Opinion
Case No. 04-CV-71191.
October 12, 2005
ORDER ACCEPTING MAGISTRATE'S REPORT AND RECOMMENDATION (#29), DISMISSING PETITION FOR WRIT OF HABEAS CORPUS, AND DENYING CERTIFICATE OF APPEALABILITY
Mary Keimer, appearing pro se, filed a petition for a writ of habeas corpus pursuant to 28 U.S.C. § 2254 challenging her jury convictions in state court for conspiracy to commit first-degree murder, M.C.L. § 750.157a, first-degree premeditated murder, M.C.L. § 750.316(1)(a), and felony murder, M.C.L. § 750.316(1)(b), for the January 27, 1999 killing of her mother Bonnie May Burdt. Petitioner raises five grounds for habeas relief: (1) denial of a constitutional right to a fair and impartial jury when the trial court failed to excuse a juror who admittedly was exposed to prejudicial extraneous matter; (2) insufficient evidence to support the felony murder conviction due to insufficient proofs of the underlying felony of larceny in a building or the specific intent elements of conspiracy and first-degree murder; (3) denial of a constitutional right to a fair trial upon the erroneous admission of hearsay statements of co-defendant Thomas Flum; (4) denial of a constitutional right to a fair trial due to prosecutorial misconduct during the prosecutor's closing argument, and; (5) erroneous jury instructions. On referral from this court, Magistrate Judge Virginia Morgan issued a 26-page August 5, 2005 Report and Recommendation recommending that the petition be denied. Petitioner filed objections on September 6, 2005.

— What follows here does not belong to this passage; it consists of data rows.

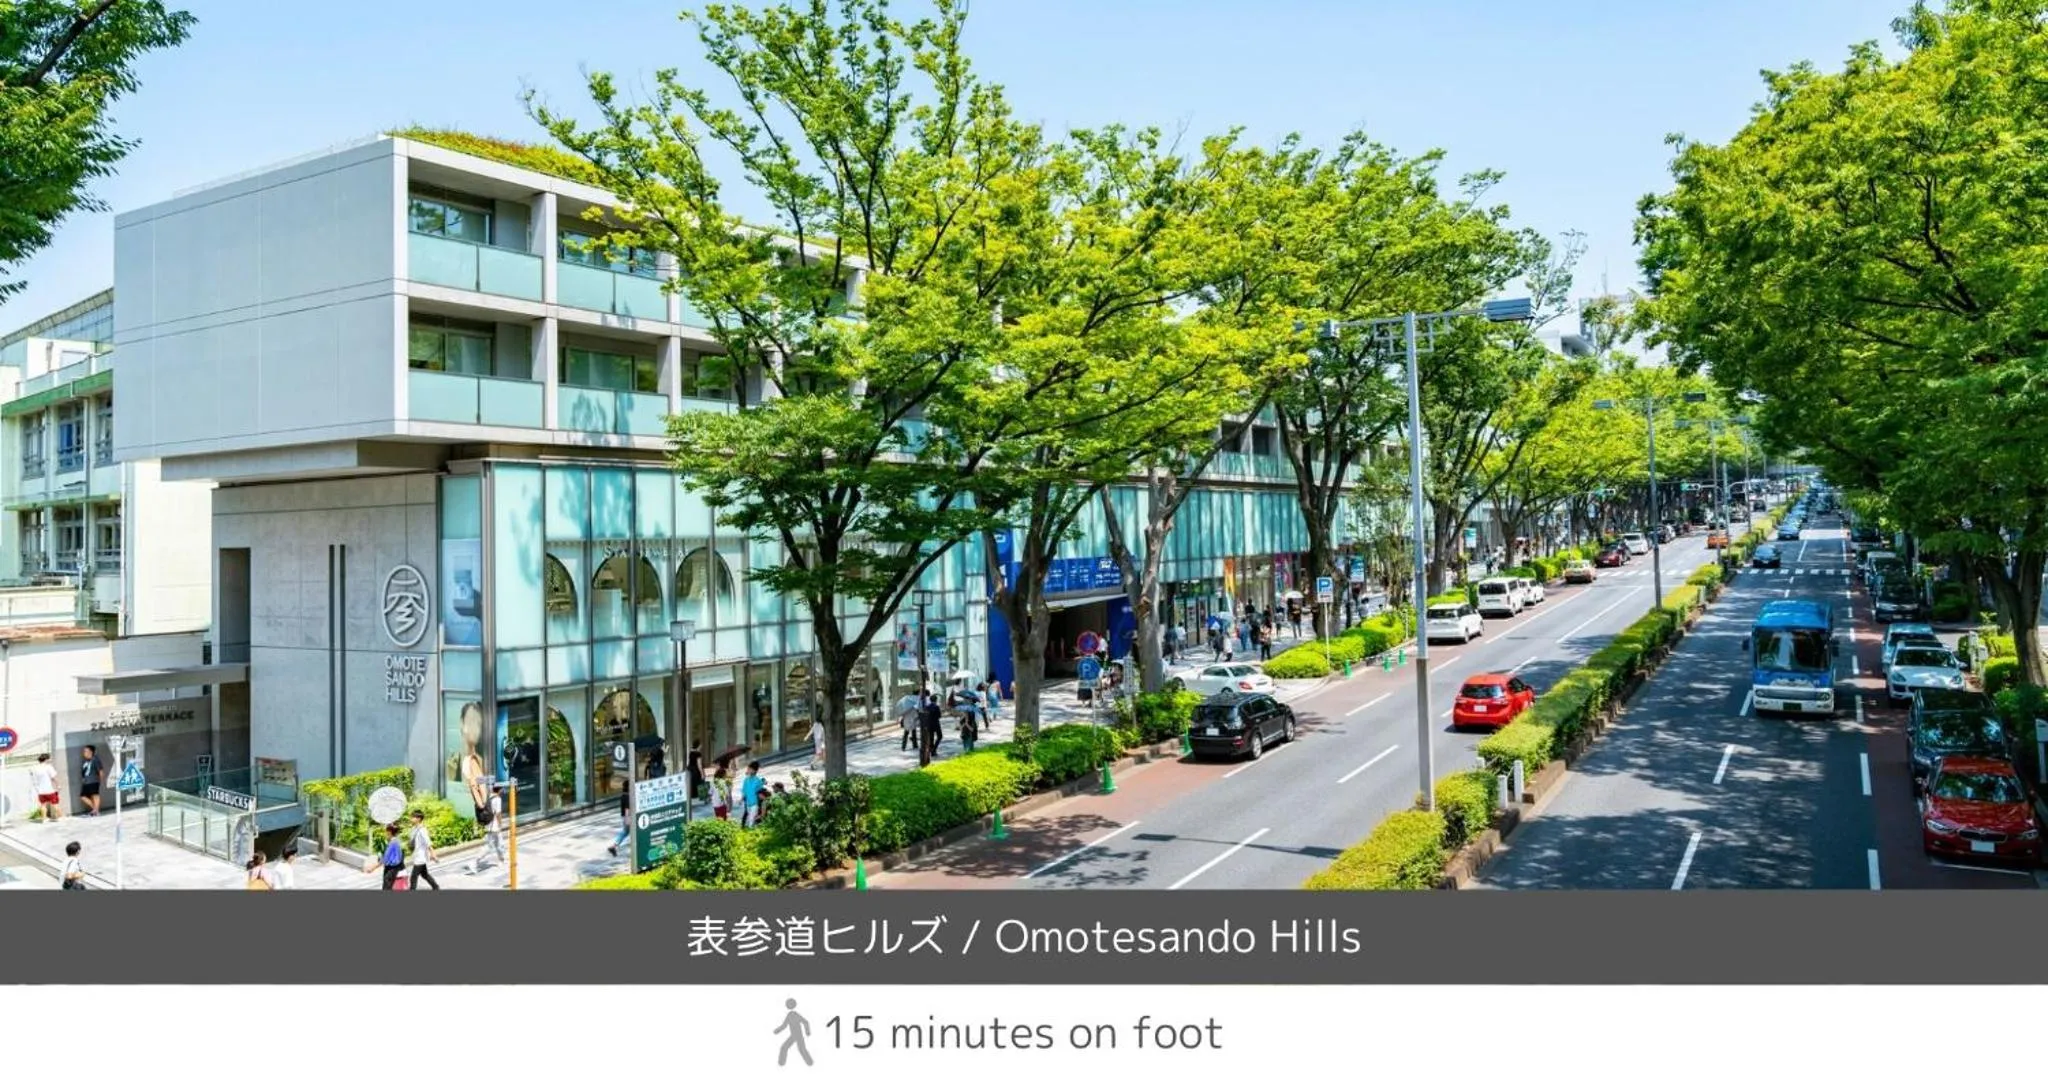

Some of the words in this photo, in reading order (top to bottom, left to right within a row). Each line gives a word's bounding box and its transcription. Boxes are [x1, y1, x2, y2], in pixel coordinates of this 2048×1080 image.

[384, 655, 425, 671] OMOTE
[385, 671, 425, 688] SANDO
[386, 687, 417, 703] HILLS
[143, 710, 195, 724] TERRACE
[132, 726, 156, 735] WEST
[207, 787, 249, 810] STARBUCKS
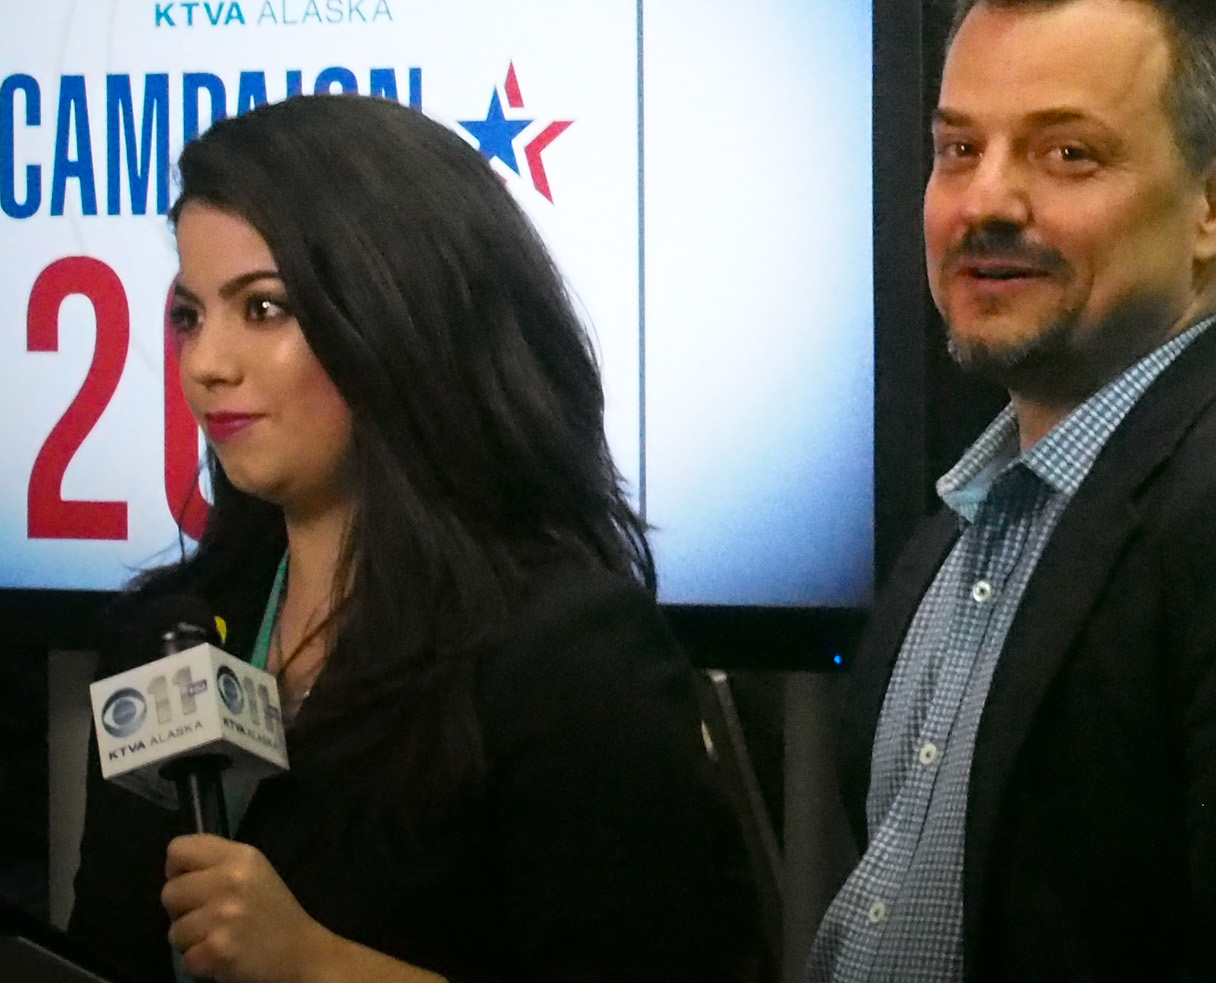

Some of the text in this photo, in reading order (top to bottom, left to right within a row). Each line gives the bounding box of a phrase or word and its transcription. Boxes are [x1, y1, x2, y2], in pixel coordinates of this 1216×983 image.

[154, 0, 246, 28] KTVA
[108, 720, 203, 761] KTVA ALASKA
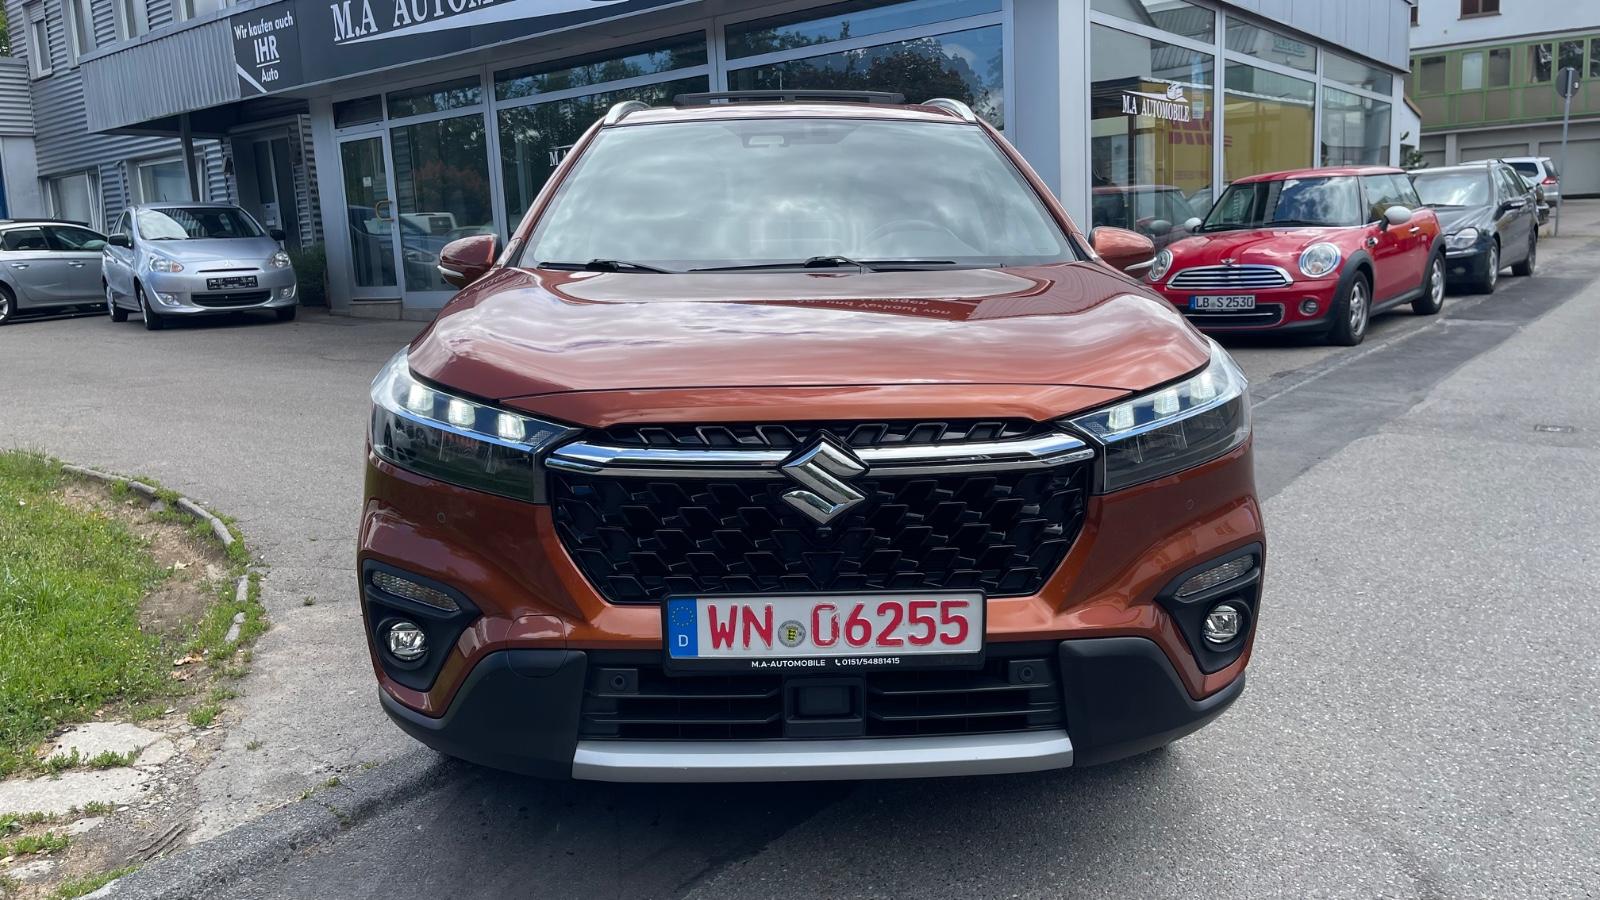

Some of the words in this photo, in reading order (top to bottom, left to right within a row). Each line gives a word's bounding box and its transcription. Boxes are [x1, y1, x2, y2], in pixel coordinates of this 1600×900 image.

[233, 24, 247, 40] Wir
[248, 18, 274, 37] kaufen
[274, 10, 294, 30] auch
[330, 0, 379, 42] M.A
[254, 35, 280, 63] IHR
[261, 68, 279, 83] Auto
[1122, 95, 1137, 115] M.A
[1141, 101, 1190, 123] AUTOMOBILE
[1196, 297, 1210, 308] LB
[1216, 297, 1224, 308] S
[1226, 296, 1254, 308] 2530
[707, 604, 774, 650] WN
[810, 599, 971, 648] 06255
[678, 634, 689, 647] D
[751, 660, 826, 668] M.A-AUTOMOBILE
[841, 657, 900, 666] 0151/54881415

"A judge of the court shall make a de novo determination of those portions of the report or specified proposed findings and recommendations to which objection is made." 28 U.S.C. § 636(b)(1)(C). See also Fed.R.Civ.P. 72(b). "A judge of the court may accept, reject, or modify, in whole or in part, the findings or recommendations to which objection is made." 28 U.S.C. § 636(b)(1)(C). A party may forfeit a right to de novo review if his objections are general or conclusionary, and unrelated to a specific error in the magistrate judge's report and recommendation. Thomas v. Halter, 131 F.Supp.2d 942, 945 (E.D. Mich. Feb. 27, 2001). "[I]ssues adverted to in a perfunctory manner, unaccompanied by some effort at developed argumentation, are deemed waived." McPherson v. Kelsey, 125 F.3d 989, 995 (6th Cir. 1997) (quoting Citizens Awareness Network, Inc. v. United States Nuclear Regulatory Comm'n, 59 F.3d 284, 293-94 (1st Cir. 1995)).
I. Juror Challenge
Magistrate Judge Morgan reasons that the trial court did not commit constitutional error in allowing two jurors to remain on the jury after one juror disclosed to a second juror and the trial court that he had read two lines of a newspaper article covering the jury trial before realizing the subject of the article, after which he stopped reading. Reasoning that exposure to publicity itself is insufficient to prove a denial of fair and impartial jurors, Magistrate Judge Morgan finds petitioner fails to demonstrate resulting prejudice, considering: the juror only read two lines of the news article; nothing in the record indicates the juror learned unduly prejudicial facts from the two lines of the article; the second juror told the trial court he may have learned from the first juror when the murder occurred, a fact already in evidence at trial; the trial judge individually questioned both jurors outside the presence of the jury and was convinced that their ability to reach a fair verdict had not been affected; the judge, prosecutor and defense counsel agreed there was no need to remove the jurors, and; a cautionary jury instruction was given. See Goins v. McKeen, 605 F.2d 947, 952 (6th Cir. 1979) (recognizing that "[t]he mere exposure to publicity is not sufficient, standing alone, to give rise to a presumption that the defendant will be deprived of his right to be tried by fair and impartial jurors"). Petitioner objects that the trial court's failure to grant the prosecution's motion for a mistrial demonstrates prejudicial error that was not cured by the trial court's cautionary jury instructions. Petitioner cites United States v. Hall, 85 F.3d 367, 371 (8th Cir. 1996) to support her position that a jury's duty to resolve factual issues is severely impaired when it improperly receives information that besmirches the defendant's character.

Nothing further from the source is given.